10. Woolf pone palabras propias en la reflexión que hace la señora Dalloway cuando cuestiona a ese especialista supuestamente experto en la “exigente ciencia que trata de lo que, a fin de cuentas, nada sabemos: el sistema nervioso, el cerebro humano” (99). Sepan más o sepan menos, los médicos no se detienen a escuchar al enfermo ni menos a quien lo cuida, sobre todo, pienso, porque quien explica el caso, quien se niega a consentir la terapia, quien se queja cuando se lo permiten, es una mujer. Virginia Woolf conocía estos protocolos en cuerpo propio: sufría de un desconocido desorden siquiátrico y había consultado con múltiples médicos que le habían prescrito, con no poca soberbia, una serie de soluciones inútiles, desde suspender la escritura hasta arrancarle algunas muelas para disminuir la presión cerebral que estaría causando sus crisis siquiátricas. La ineficiencia de esa medicina, ya lo dije, especulativa, y la desafección de quienes la practican con un autoritarismo asombroso, es la que Woolf traslada a su novela unos años antes de suicidarse.

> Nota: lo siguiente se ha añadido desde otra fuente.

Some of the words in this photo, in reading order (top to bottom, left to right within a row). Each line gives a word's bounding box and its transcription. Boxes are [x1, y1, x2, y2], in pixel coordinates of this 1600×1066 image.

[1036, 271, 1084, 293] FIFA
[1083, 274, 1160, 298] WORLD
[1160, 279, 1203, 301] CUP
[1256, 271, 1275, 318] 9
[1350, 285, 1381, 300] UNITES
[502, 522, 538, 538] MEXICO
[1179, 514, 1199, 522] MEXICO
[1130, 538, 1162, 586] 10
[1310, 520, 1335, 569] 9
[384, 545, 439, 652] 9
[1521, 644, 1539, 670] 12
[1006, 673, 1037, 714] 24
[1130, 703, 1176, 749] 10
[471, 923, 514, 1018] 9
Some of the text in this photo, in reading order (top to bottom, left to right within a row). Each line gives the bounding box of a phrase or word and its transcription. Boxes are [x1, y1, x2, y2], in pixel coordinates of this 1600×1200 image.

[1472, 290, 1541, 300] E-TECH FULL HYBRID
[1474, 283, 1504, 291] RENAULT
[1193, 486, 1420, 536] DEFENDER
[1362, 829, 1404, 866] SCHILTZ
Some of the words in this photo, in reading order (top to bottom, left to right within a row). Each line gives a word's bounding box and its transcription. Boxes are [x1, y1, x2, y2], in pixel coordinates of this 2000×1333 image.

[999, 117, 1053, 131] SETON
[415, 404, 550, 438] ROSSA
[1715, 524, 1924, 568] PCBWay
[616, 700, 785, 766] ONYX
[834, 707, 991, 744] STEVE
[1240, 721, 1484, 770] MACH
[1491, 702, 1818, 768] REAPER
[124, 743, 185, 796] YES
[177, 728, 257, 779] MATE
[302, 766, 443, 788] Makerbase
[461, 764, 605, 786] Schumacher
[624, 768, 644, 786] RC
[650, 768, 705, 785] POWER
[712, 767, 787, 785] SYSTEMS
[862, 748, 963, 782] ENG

11. El suicidio siempre fue una opción para quienes no encontraron la cura, y Woolf defiende ese acto solitario, esa decisión individual, como una forma de “desobediencia” (defiance es la palabra que usa) o un modo de “contención” (embrace) para una vida intolerable, para un mal intolerable (185), pero acaso la salida más recurrida haya sido la de la religión: ese relato es reconocible y recurrente en tantos textos literarios que no hace falta enumerarlos sino hacer notar que ese relato reaparece en tiempos contemporáneos: en las narrativas del sida se multiplican los testimonios del desamparo real de los enfermos y la reactivación de su fe religiosa a falta de una salvación mediada por la ciencia.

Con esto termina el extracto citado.